Collected data:

◆ ◆ ◆

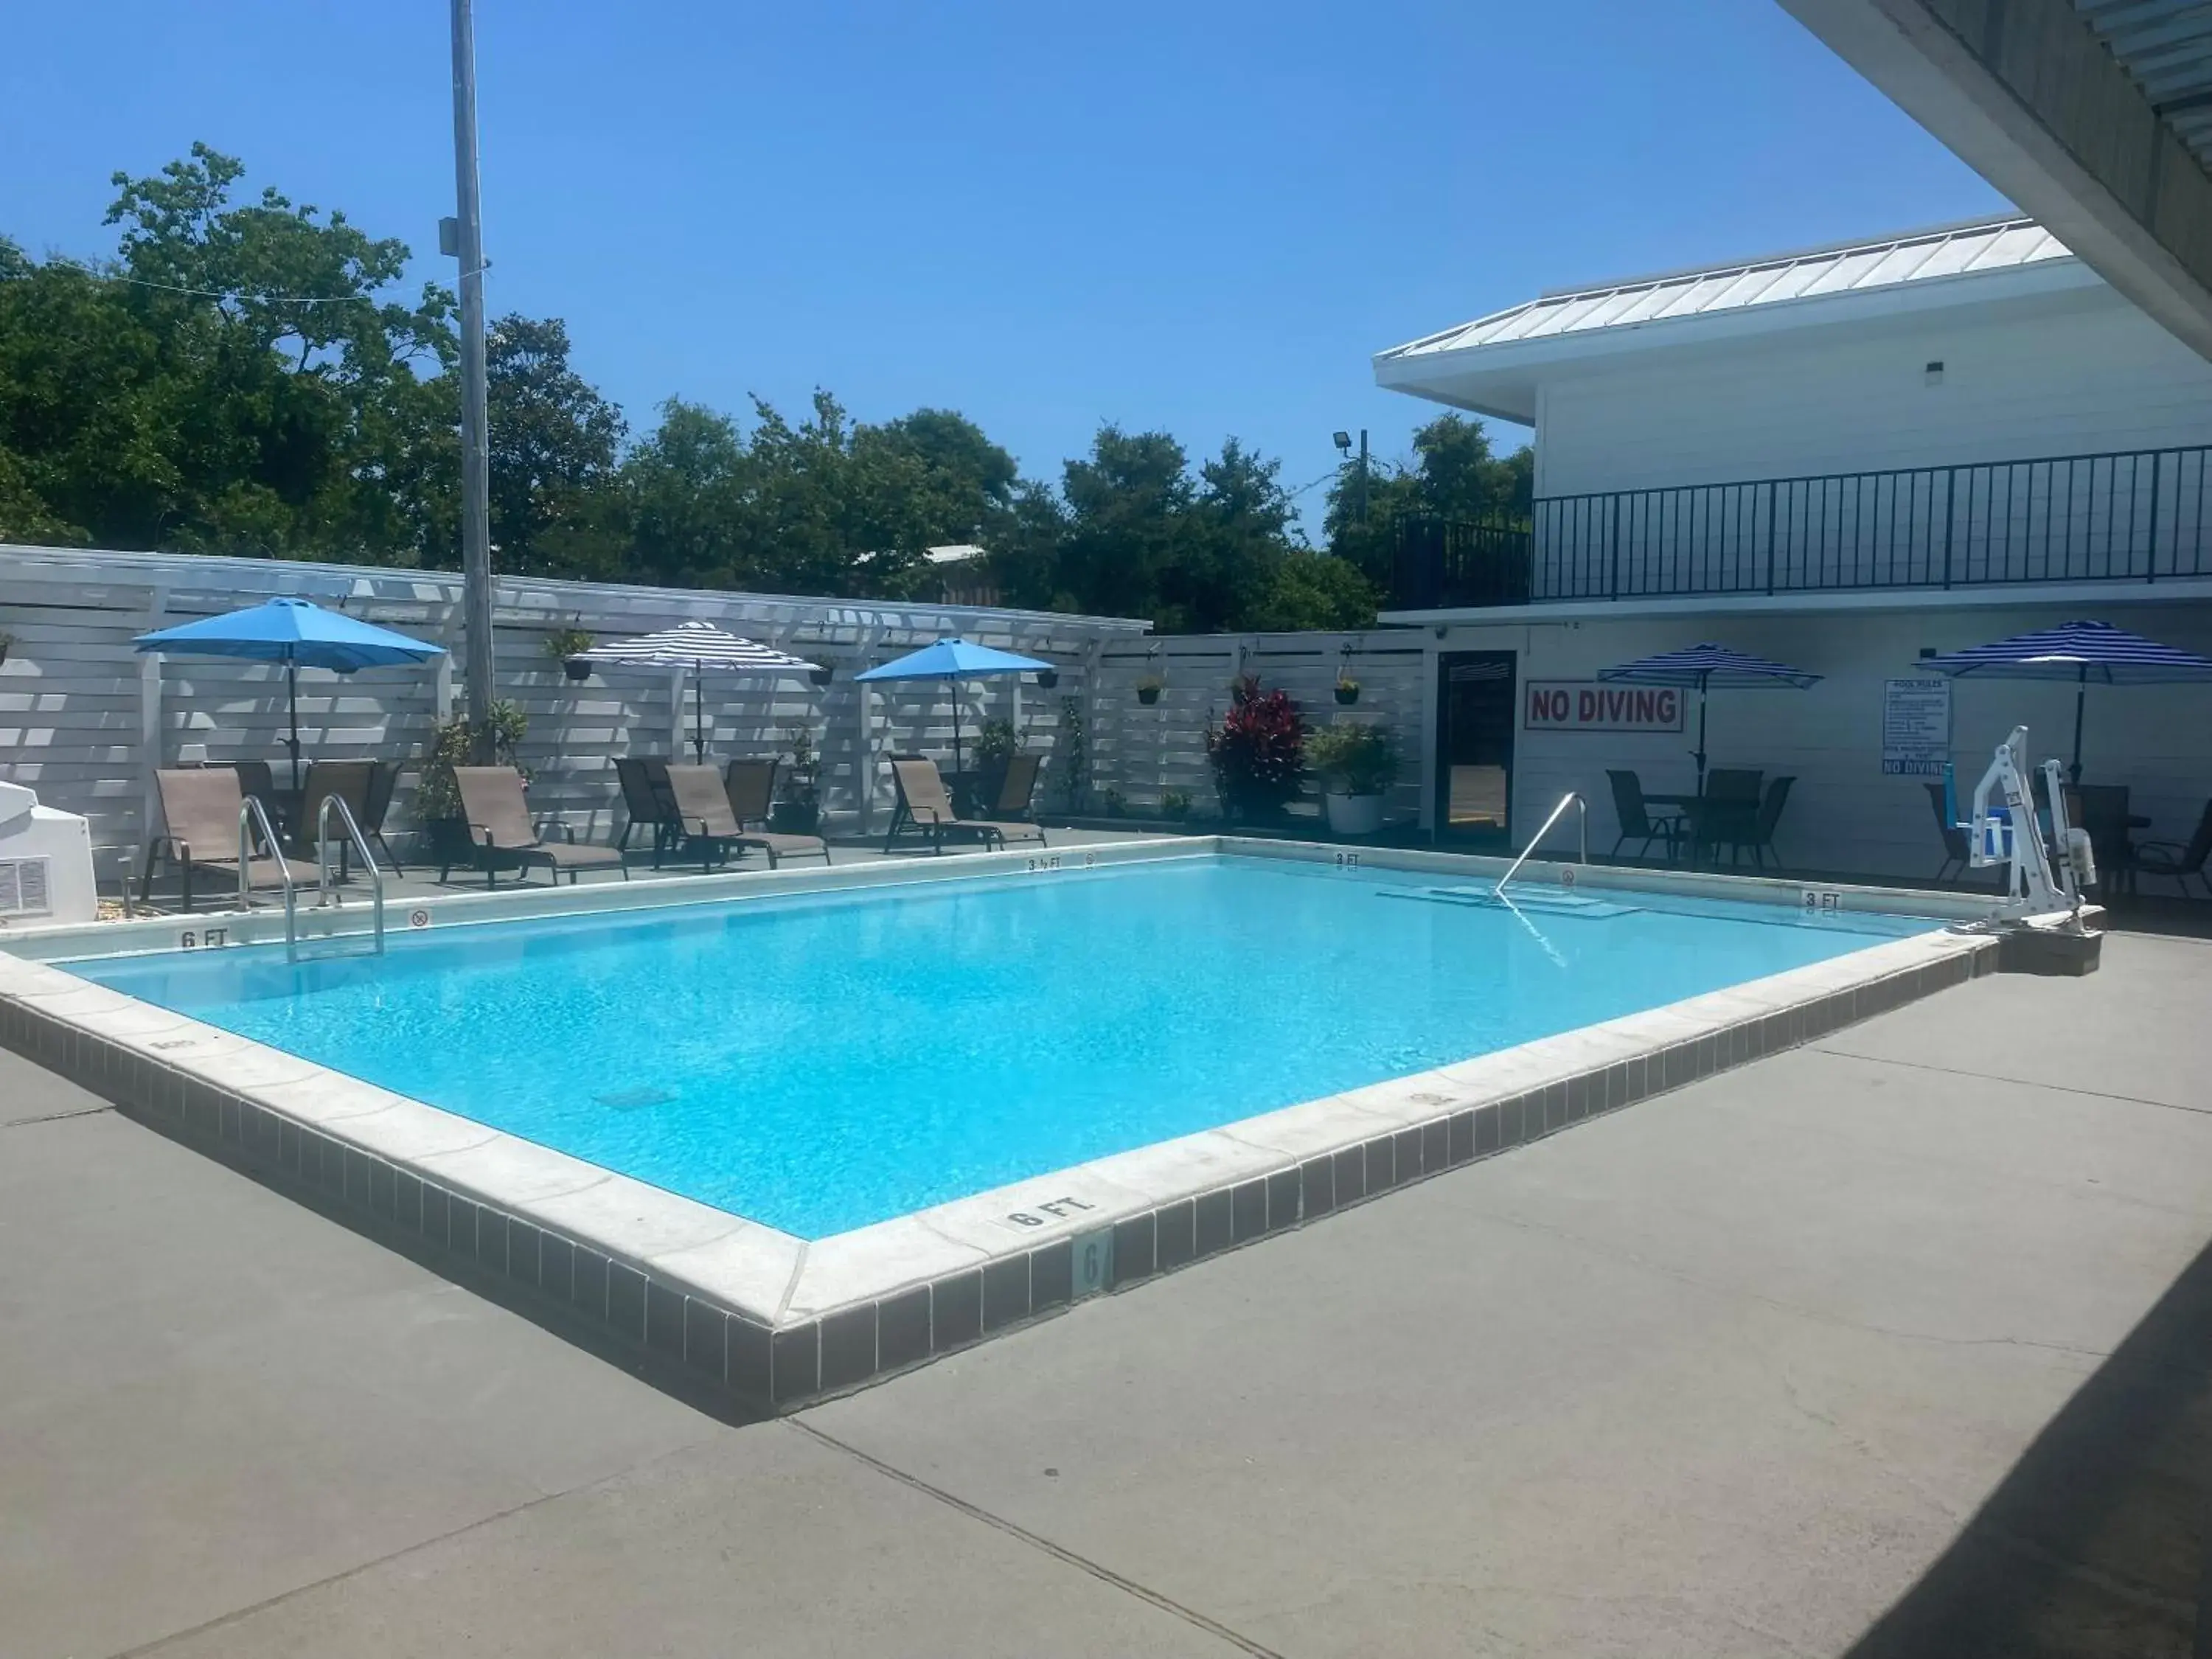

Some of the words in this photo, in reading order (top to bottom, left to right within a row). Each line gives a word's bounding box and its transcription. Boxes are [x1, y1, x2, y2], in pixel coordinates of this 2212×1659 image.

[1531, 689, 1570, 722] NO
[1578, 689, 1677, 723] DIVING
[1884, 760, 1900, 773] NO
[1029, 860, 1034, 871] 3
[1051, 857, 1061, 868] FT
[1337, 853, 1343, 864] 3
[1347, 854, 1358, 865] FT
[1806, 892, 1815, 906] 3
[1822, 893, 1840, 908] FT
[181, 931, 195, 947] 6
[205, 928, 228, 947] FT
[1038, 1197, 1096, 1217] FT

◆ ◆ ◆

** What to produce **
The records, exactly as written but without images, should be returned.

** Solution for this task **
Some of the words in this photo, in reading order (top to bottom, left to right within a row). Each line gives a word's bounding box and its transcription. Boxes are [x1, y1, x2, y2], in pixel coordinates of this 2212×1659 image.

[1531, 689, 1570, 722] NO
[1578, 689, 1677, 723] DIVING
[1884, 760, 1900, 773] NO
[1029, 860, 1034, 871] 3
[1051, 857, 1061, 868] FT
[1337, 853, 1343, 864] 3
[1347, 854, 1358, 865] FT
[1806, 892, 1815, 906] 3
[1822, 893, 1840, 908] FT
[181, 931, 195, 947] 6
[205, 928, 228, 947] FT
[1038, 1197, 1096, 1217] FT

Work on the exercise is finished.